When documenting results, researchers should report complete methodological details including blocking reagents, incubation times, wash procedures, and detection systems to enable reproducibility .

How do biotin-conjugated antibodies perform differently than other conjugates in CALR detection systems?

Biotin-conjugated CALR antibodies offer distinct advantages and limitations compared to other conjugate types:

The biotin-streptavidin system provides significant signal amplification because each biotin-conjugated antibody can bind multiple streptavidin molecules, each carrying multiple reporter molecules (HRP enzymes or fluorophores) . This makes biotin conjugation particularly valuable for detecting CALR in tissues or applications where signal enhancement is needed.

For optimal performance, biotinylation kits used by manufacturers are specifically designed to create high-quality conjugates while minimizing assay background . When designing experiments, researchers may need to test different dilutions of the working biotin conjugate antibody to optimize signal-to-noise ratio .

What are common troubleshooting approaches for weak or no signal when using CALR Antibody, Biotin conjugated?

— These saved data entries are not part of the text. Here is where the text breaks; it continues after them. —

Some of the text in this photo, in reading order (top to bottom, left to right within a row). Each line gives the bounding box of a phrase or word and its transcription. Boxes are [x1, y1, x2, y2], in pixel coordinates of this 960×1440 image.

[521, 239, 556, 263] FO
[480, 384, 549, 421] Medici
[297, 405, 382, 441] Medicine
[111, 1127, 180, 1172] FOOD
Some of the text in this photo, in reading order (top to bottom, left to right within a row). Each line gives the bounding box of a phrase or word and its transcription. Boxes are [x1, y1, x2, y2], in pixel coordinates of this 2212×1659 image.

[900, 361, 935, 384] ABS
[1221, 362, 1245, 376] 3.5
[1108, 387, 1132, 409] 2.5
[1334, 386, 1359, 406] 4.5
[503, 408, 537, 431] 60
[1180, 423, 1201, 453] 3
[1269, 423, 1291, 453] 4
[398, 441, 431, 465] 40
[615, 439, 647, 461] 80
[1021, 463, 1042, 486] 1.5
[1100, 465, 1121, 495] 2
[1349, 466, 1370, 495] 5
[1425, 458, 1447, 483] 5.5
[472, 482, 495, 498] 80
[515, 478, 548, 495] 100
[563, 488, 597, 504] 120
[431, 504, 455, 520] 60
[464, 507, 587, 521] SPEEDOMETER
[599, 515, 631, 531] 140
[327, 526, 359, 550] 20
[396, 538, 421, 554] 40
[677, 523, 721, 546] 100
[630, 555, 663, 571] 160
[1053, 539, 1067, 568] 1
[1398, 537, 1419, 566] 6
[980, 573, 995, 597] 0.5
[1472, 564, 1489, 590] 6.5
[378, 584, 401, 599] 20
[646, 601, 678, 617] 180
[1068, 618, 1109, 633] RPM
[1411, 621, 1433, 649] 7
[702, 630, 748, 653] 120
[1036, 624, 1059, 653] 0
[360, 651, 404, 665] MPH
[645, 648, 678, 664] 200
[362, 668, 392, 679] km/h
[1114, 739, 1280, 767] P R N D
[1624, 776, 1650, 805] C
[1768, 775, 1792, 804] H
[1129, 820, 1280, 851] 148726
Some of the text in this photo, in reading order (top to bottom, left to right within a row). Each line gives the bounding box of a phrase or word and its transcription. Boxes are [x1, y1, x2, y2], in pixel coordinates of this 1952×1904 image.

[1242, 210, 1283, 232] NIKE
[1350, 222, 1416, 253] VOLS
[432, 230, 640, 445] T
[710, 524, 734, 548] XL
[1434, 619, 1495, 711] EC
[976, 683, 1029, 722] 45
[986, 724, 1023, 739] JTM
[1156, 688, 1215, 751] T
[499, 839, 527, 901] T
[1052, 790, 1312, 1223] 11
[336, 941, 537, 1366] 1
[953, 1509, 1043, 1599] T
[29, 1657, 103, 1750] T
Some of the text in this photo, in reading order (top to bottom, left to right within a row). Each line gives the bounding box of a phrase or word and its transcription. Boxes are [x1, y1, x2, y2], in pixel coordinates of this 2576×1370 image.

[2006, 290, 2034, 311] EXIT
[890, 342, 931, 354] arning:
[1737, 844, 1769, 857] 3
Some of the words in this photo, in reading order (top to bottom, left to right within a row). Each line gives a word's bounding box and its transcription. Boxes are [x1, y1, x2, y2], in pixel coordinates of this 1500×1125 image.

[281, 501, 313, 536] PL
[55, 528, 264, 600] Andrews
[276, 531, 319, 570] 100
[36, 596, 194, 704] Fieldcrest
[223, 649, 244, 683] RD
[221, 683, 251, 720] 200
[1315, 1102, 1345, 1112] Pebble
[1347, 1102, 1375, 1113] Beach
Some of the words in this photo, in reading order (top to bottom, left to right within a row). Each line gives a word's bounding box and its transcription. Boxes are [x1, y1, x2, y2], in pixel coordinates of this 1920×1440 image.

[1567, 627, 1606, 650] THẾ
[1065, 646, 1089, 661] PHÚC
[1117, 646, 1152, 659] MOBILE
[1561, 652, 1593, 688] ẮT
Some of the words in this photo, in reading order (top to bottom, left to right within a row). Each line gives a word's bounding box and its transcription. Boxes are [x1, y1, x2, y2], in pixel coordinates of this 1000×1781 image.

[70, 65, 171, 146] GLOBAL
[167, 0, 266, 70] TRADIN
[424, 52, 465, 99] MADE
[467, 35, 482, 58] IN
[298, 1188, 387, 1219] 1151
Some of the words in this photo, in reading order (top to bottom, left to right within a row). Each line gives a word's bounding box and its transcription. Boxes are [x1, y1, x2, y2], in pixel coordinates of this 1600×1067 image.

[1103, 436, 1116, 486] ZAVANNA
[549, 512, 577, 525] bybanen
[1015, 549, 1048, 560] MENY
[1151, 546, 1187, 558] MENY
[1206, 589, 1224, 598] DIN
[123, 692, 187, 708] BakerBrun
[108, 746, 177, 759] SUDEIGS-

When researchers encounter weak or absent signals when using CALR Antibody, Biotin conjugated, a systematic troubleshooting approach should be implemented:

• Antibody concentration:

  • Verify optimal dilution ranges for your specific application

  • For Western blot, try concentrations between 1:300-5000 or 1:500-2000

  • For ELISA, try 1:500-1000

  • For IHC-P, try 1:200-400

  • For IHC-F, try 1:100-500

• Detection system optimization:

  • Ensure streptavidin-HRP or streptavidin-fluorophore is functional

  • Consider increasing concentration of detection reagent

  • For Western blots, extend exposure time or use more sensitive substrate

  • For ELISA, verify proper preparation of working Biotin Conjugate Antibody by diluting 1:100 of Concentrated Biotin Conjugate Antibody with appropriate diluent

• Sample preparation issues:

  • CALR is normally located in the cytoplasm, secreted fraction, cell membrane, and extracellular matrix

  • Ensure extraction method is appropriate for isolating CALR

  • Check protein quantification to ensure adequate loading

  • Verify pH and ionic strength of buffers, as these can affect antibody-antigen binding

• Antigen retrieval for IHC:

  • If using paraffin sections, optimize antigen retrieval methods (heat vs. enzymatic)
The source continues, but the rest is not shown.